Investing in Exchange-Traded Funds involves risk. Principal loss is possible.

Sector allocations and fund holdings are subject to change at any time and should not be considered a recommendation to buy or sell any security. Portfolio holdings generally are made available 30 days after month-end by visiting www.doubleline.com. The source for the information in this report is DoubleLine Capital, which maintains its data on a trade date basis.

The value of an instrument with a longer duration (whether positive or negative) will be more sensitive to changes in interest rates than a similar instrument with a shorter duration.

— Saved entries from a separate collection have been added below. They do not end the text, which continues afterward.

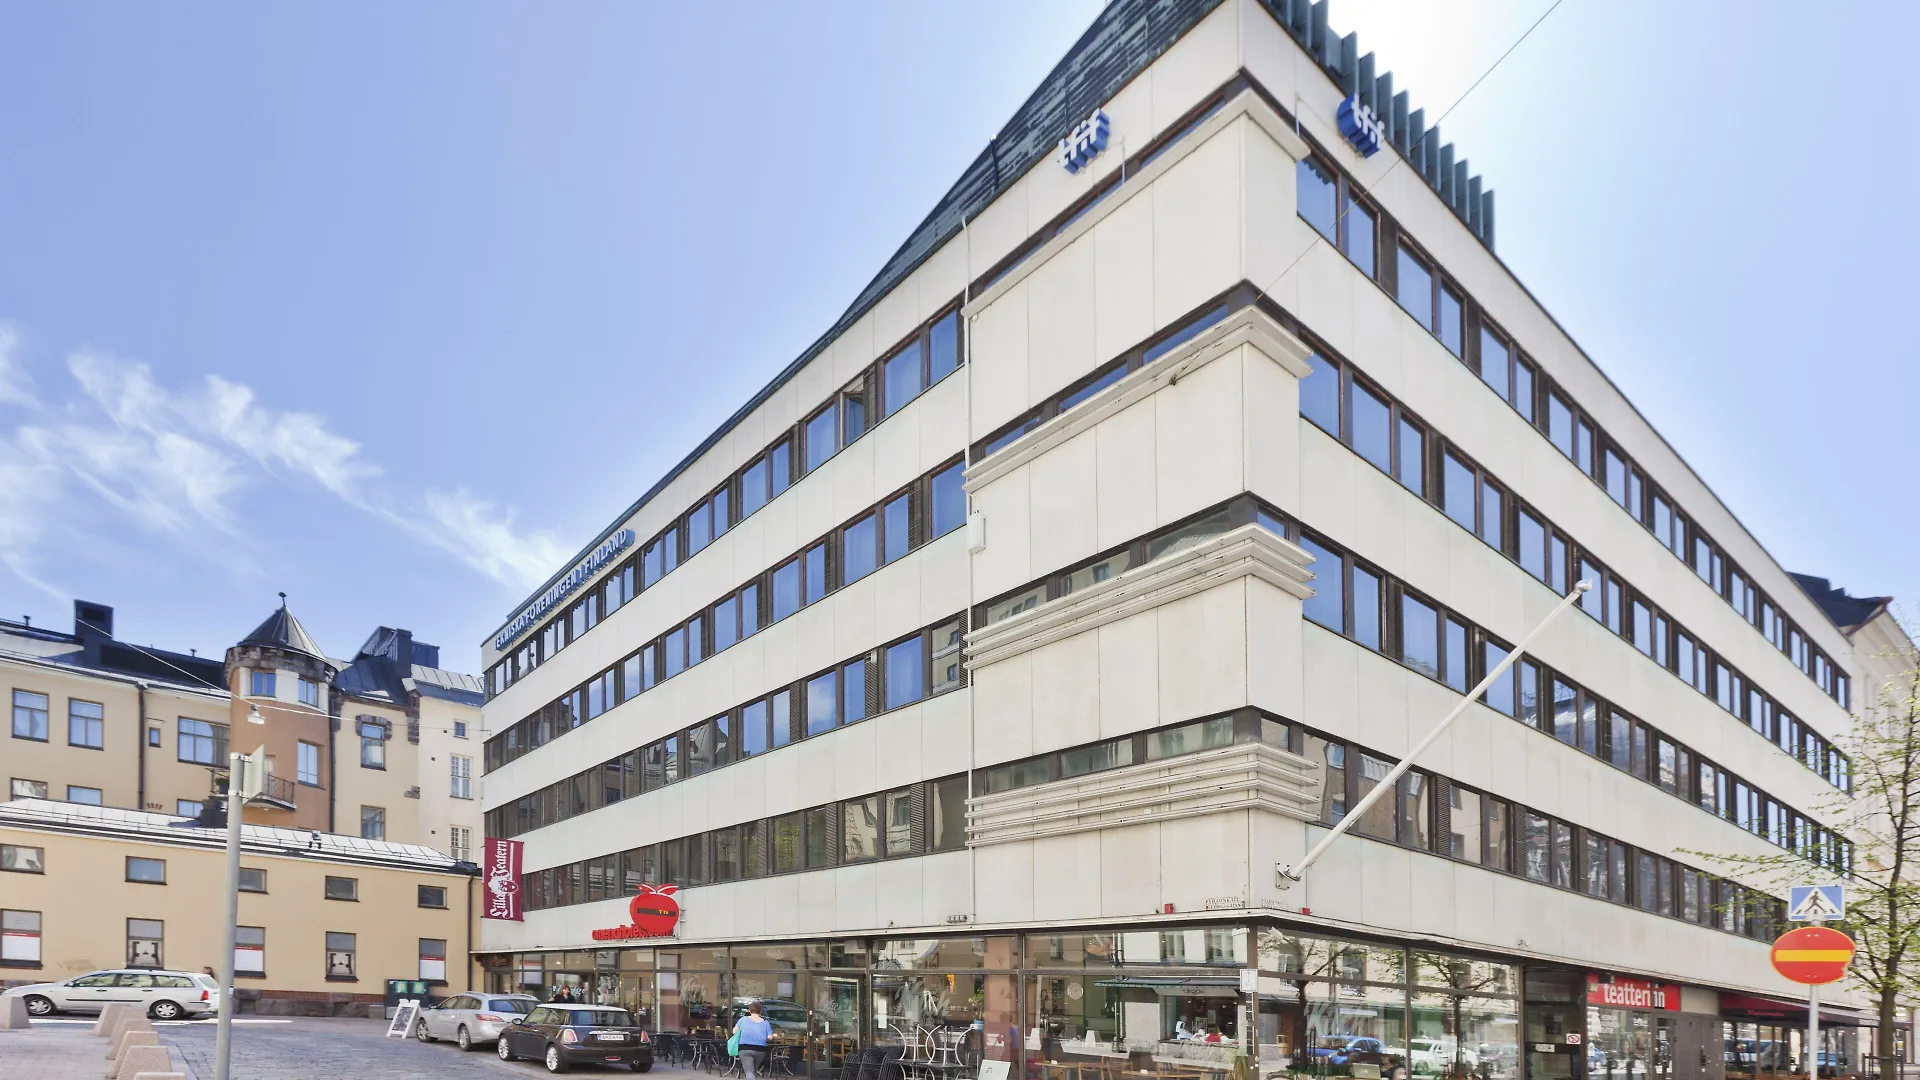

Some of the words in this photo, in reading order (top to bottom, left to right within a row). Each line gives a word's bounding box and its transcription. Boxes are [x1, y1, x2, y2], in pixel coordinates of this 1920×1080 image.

[585, 529, 630, 574] FINLAND
[1603, 982, 1651, 1007] teatteri
[1653, 983, 1665, 1008] in
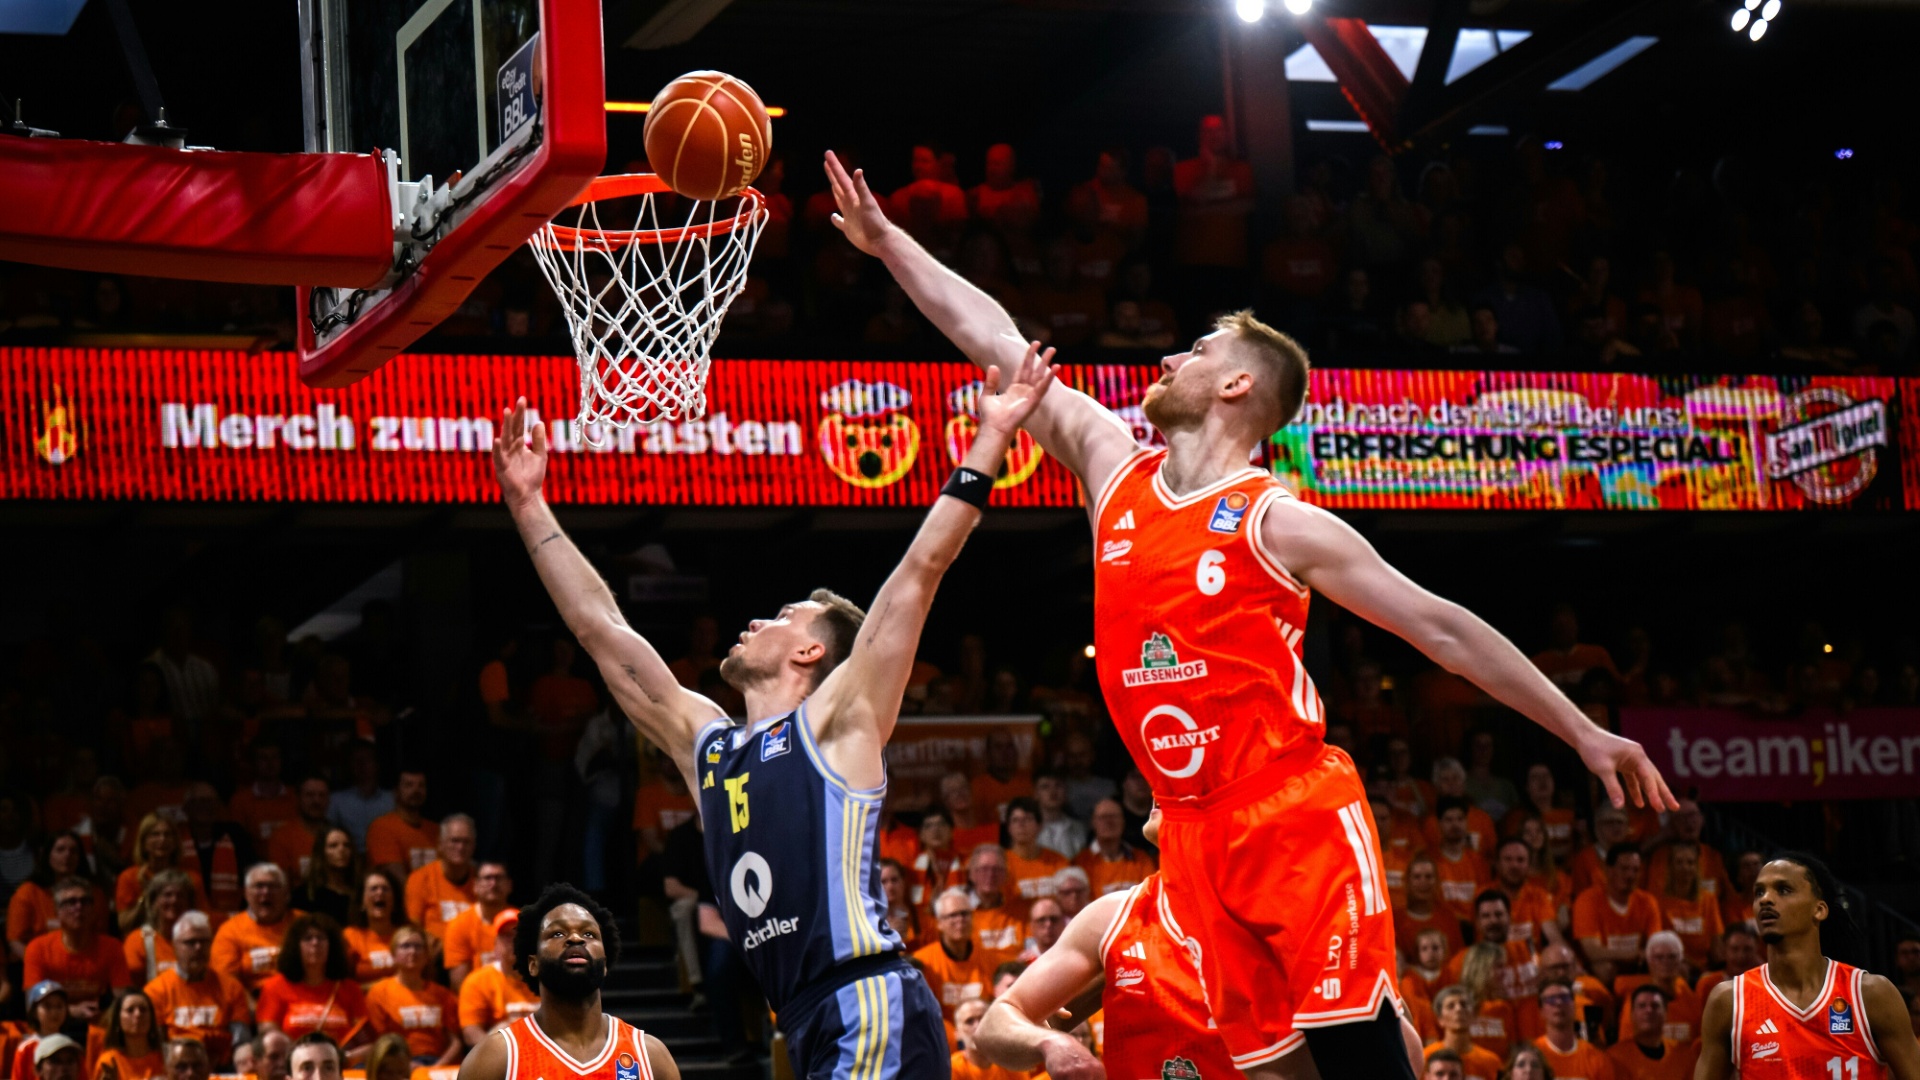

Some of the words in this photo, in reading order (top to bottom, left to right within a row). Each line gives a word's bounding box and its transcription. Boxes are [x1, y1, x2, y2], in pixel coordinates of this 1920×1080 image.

[504, 93, 528, 139] BBL
[161, 402, 356, 450] Merch
[370, 416, 493, 452] zum
[1352, 398, 1423, 428] nach
[1313, 432, 1558, 461] ERFRISCHUNG
[1567, 435, 1743, 463] ESPECIAL!
[1196, 549, 1227, 596] 6
[1125, 662, 1204, 685] WIESENHOF
[1150, 725, 1221, 751] MIAVIT
[723, 771, 750, 834] 15
[1348, 937, 1358, 970] meine
[1115, 966, 1145, 980] Rasta
[1831, 1022, 1851, 1031] BBL
[1750, 1041, 1779, 1054] Rasta
[1826, 1055, 1859, 1080] 11

Credit Distribution is determined from the highest available credit rating from any Nationally Recognized Statistical Rating Agency (NRSRO”, generally S&P, Moody’s, or Fitch) and is subject to change. DoubleLine chooses to display credit ratings using S&P’s rating convention, although the rating itself might be sourced from another NRSRO. The firm evaluates a bond issuer’s financial strength, or its ability to pay a bond’s principal and interest in a timely fashion. The ratings apply to the credit worthiness of the issuers of the underlying securities and not to the fund itself. Ratings are expressed as letters ranging from ‘AAA’, which is the highest grade, to ‘D’, which is the lowest grade. In limited situations when the rating agency has not issued a formal rating, the rating agency will classify the security as unrated.

There is the risk that the Fund may be unable to sell a portfolio investment at a desirable time or at the value the Fund has placed on the investment. Illiquidity may be the result of, for example, low trading volume, lack of a market maker, or contractual or legal restrictions that limit or prevent the Fund from selling securities or closing derivative positions.

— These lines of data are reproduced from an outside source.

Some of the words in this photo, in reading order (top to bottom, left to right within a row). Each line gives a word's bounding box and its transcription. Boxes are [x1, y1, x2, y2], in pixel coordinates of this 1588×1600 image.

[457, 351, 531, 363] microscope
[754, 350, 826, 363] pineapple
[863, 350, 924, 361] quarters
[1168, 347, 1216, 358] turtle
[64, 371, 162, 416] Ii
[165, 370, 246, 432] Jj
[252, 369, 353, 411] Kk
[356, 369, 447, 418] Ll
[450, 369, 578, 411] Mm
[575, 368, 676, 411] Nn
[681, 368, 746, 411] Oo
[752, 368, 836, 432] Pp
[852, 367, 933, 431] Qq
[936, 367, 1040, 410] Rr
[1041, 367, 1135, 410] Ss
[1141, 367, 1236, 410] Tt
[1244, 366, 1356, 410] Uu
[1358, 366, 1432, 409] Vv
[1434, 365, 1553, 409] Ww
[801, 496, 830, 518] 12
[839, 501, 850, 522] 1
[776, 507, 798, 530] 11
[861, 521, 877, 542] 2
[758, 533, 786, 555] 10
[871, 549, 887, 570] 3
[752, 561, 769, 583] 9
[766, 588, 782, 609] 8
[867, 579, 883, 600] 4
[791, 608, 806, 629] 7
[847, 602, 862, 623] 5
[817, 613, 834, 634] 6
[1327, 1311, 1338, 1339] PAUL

Investments in debt securities typically decrease in value when interest rates rise. This risk is usually greater for longer-term debt securities.

There is risk that borrowers may default on their mortgage obligations or the guarantees underlying the mortgage-backed securities will default or otherwise fail and that, during periods of falling interest rates, mortgage-backed securities will be called or prepaid, which may result in the Fund having to reinvest proceeds in other investments at a lower interest rate.

The fund is a “non-diversified” investment company and therefore may invest a greater percentage of its assets in the securities of a single issuer or a limited number of issuers than funds that are “diversified.” Accordingly, the fund is more susceptible to risks associated with a single economic, political or regulatory occurrence than a diversified fund might be.

Investing in ETFs involves additional risks such as the market price of the shares may trade at a discount to its net asset value ("NAV"), an active secondary trading market may not develop or be maintained, or trading may be halted by the exchange in which they trade, which may impact a fund's ability to sell its shares.

Yield to maturity (YTM) does not represent return. YTM provides a summary measurement of an investment’s cash flows, including principal received at maturity based on a given price. Actual yields may fluctuate due to a number of factors such as the holding period, changes in reinvestment rates as cash flows are received and redeployed, receipt of timely income and principal payments. DoubleLine views YTM as a characteristic of a portfolio of holdings often used, along with other risk measures such as duration and spread, to determine the relative attractiveness of an investment.

30-Day SEC Yield – Standard yield calculation developed by the U.S. Securities and Exchange Commission (SEC) that allows for fairer comparisons of bond funds. It is based on the most-recent 30-day period covered by the fund’s filings with the SEC. The yield figure reflects the fund’s dividends and interest earned during the period after the deduction of the fund’s expenses. It is also referred to as the “standardized yield.”

DoubleLine ETFs are distributed by Foreside Fund Services, LLC.